I have a C program which has lots of includes in it, There are lots of macros in use to auto generate functions for the modules and in the build process, for example

#define MODULE_DEFINE(M) void M##_init (module* module) {\
        module->name = #M;
#define MODULE_END };

MODULE_DEFINE (hello)
        printf("module name is : %s\n",module->name);
MODULE_END

Now once the modules are compiled and linked, i need to include them all inside a common header file . One method would be to manually include all of them, but i am wondering if there is some better way to go around it ? I am already passing on them as as array shown below.

module mod_list[] = {
        MOD( hello )
};

The MOD used is yet another macro. Now the relevant part is, all the modules follow the include as

#include <modules/hello.h>

as in the example shown above. Can i somehow iterate over or create a list to auto-include from the list ? I don't mind changing from array to something else because i know that an array is defined at runtime and not possible for macro to actually iterate over that. If the iteration is possible i can define a common list to make all includes and define the array thereby automating the process a little. Thanks for any help.

Edit

As pointed this is not entirely possible only with macros. Now i am using CMake as my build tool. All the modules are placed in a separate directory in the format

modules
└── hello
    ├── hello.c
    └── hello.h

So can i somehow list all folders in CMake inside modules and pass them to configure_file to make the needed imports ?

georoot
  • 3,557
  • 1
  • 30
  • 59
  • `So can i somehow list all folders in CMake inside modules` - [file(GLOB)](https://cmake.org/cmake/help/v3.9/command/file.html) should help you in that task. `and pass them to configure_file to make the needed imports?` - With `for` loop on folders found, you may fill a variable with a list of `#include<>` directives. Then you may use this variable in `configure_file`. – Tsyvarev Oct 22 '17 at 12:59

2 Answers2

2

The C preprocessor itself is not a sufficiently capable language to do this sort of thing. What you might want to look at is code generation, where you have some kind of pre-build step that reads your file with the MOD( hello ) lines, and generates a file that lists the corresponding #include <modules/hello.h> lines. Then, include your generated file where you need it.

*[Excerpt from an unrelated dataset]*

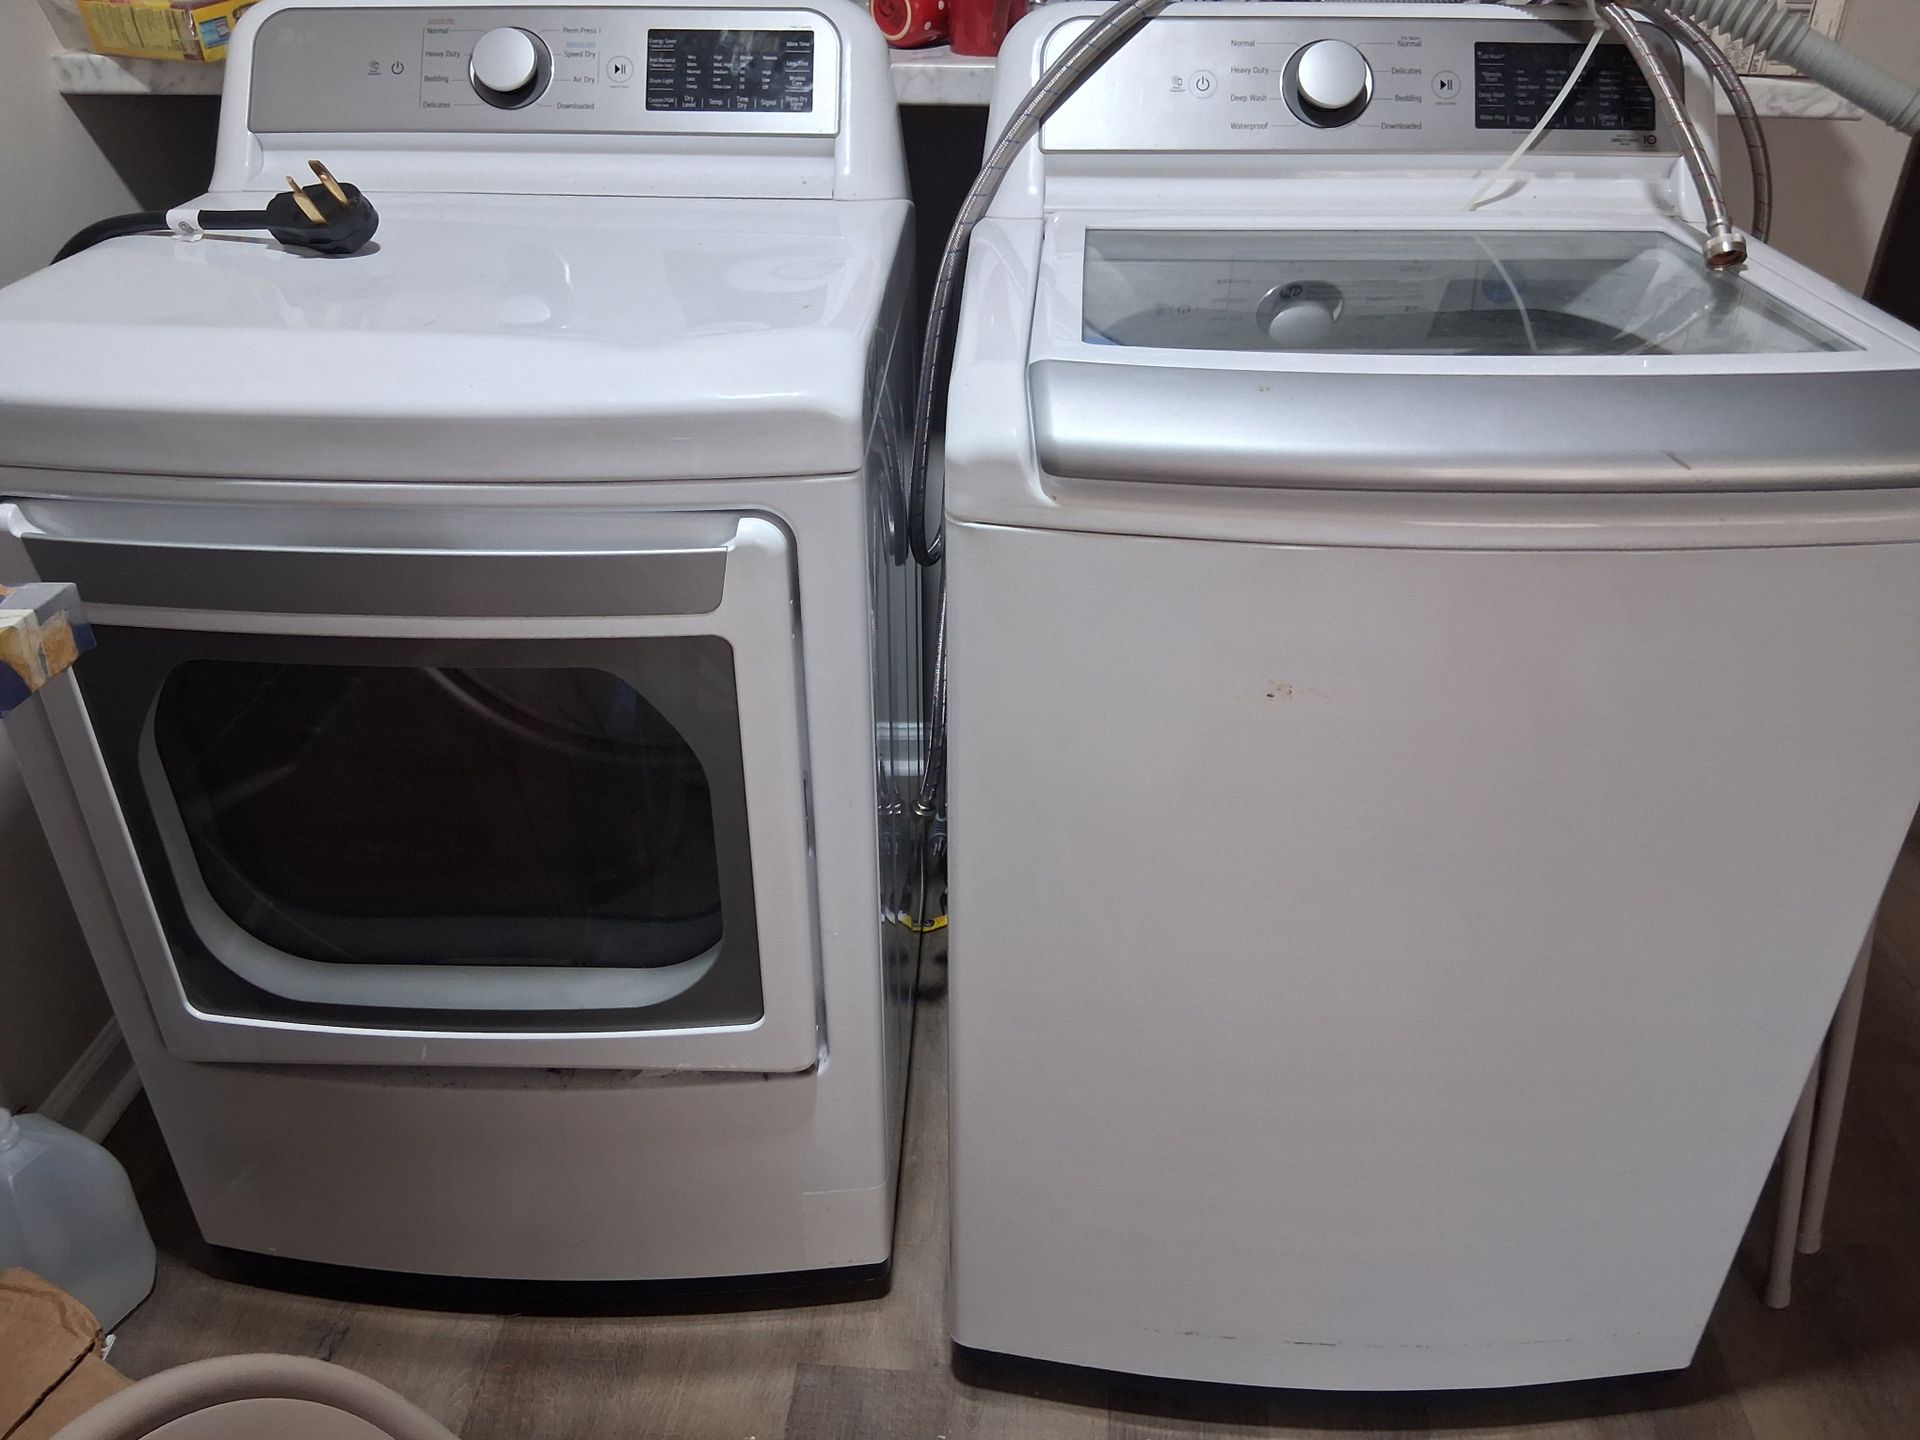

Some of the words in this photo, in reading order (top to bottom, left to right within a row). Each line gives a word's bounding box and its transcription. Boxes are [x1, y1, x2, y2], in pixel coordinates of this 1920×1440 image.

You can write this pre-build step in whatever language you want, reasonable choices could be: sed, awk, perl, C, Python, Ruby, etc.

Greg Hewgill
  • 951,095
  • 183
  • 1,149
  • 1,285
  • Okay so i am using cmake as my build tool and the `MOD` is a simple macro function that gets the reference pointer to init method for the module. Are you suggesting to make changes in my cmake build file rather ? – georoot Oct 22 '17 at 06:40
  • @georoot: Yes, you could probably set this up with cmake. I'm afraid I'm not familiar enough with cmake to suggest exactly how you might do that. – Greg Hewgill Oct 22 '17 at 06:43
  • I really appreciate the time you took to point me in the right direction. Now i am clear on which side i need to go. Let me edit the question and add cmake tag with the modifications :) – georoot Oct 22 '17 at 06:44
  • "The C preprocessor itself is not a sufficiently capable language to do this sort of thing." [Are you sure?](http://coliru.stacked-crooked.com/a/268f625bed3323b4) – H Walters Oct 22 '17 at 17:01
  • @HWalters: That's using literals. That's not reading from the `mod_list` initialiser and dynamically generating `#include` directives. The point is, the OP only wants to have to list the modules once. – Greg Hewgill Oct 22 '17 at 17:09
  • @GregHewgill "That's using literals." What literals? Look closer. This iterates over `(FILE_A,FILE_B,FILE_C)`. "That's not reading from the mod_list initialiser" ...which isn't being asked, so no problem. "only wants to have to list the modules once." And that "once" can't be a preprocessor tuple? My comment, btw, is specifically about the part of your answer where you're saying the C preprocessor isn't sufficiently capable. – H Walters Oct 22 '17 at 18:03
0

CMake offers the command generate_file. You use it, to replace some variable with by its values. If you use ##_init (module* ${MODULE_NAME}) and have a CMake variable within the loop over the modules called MODULE_NAME, you can reach a solution.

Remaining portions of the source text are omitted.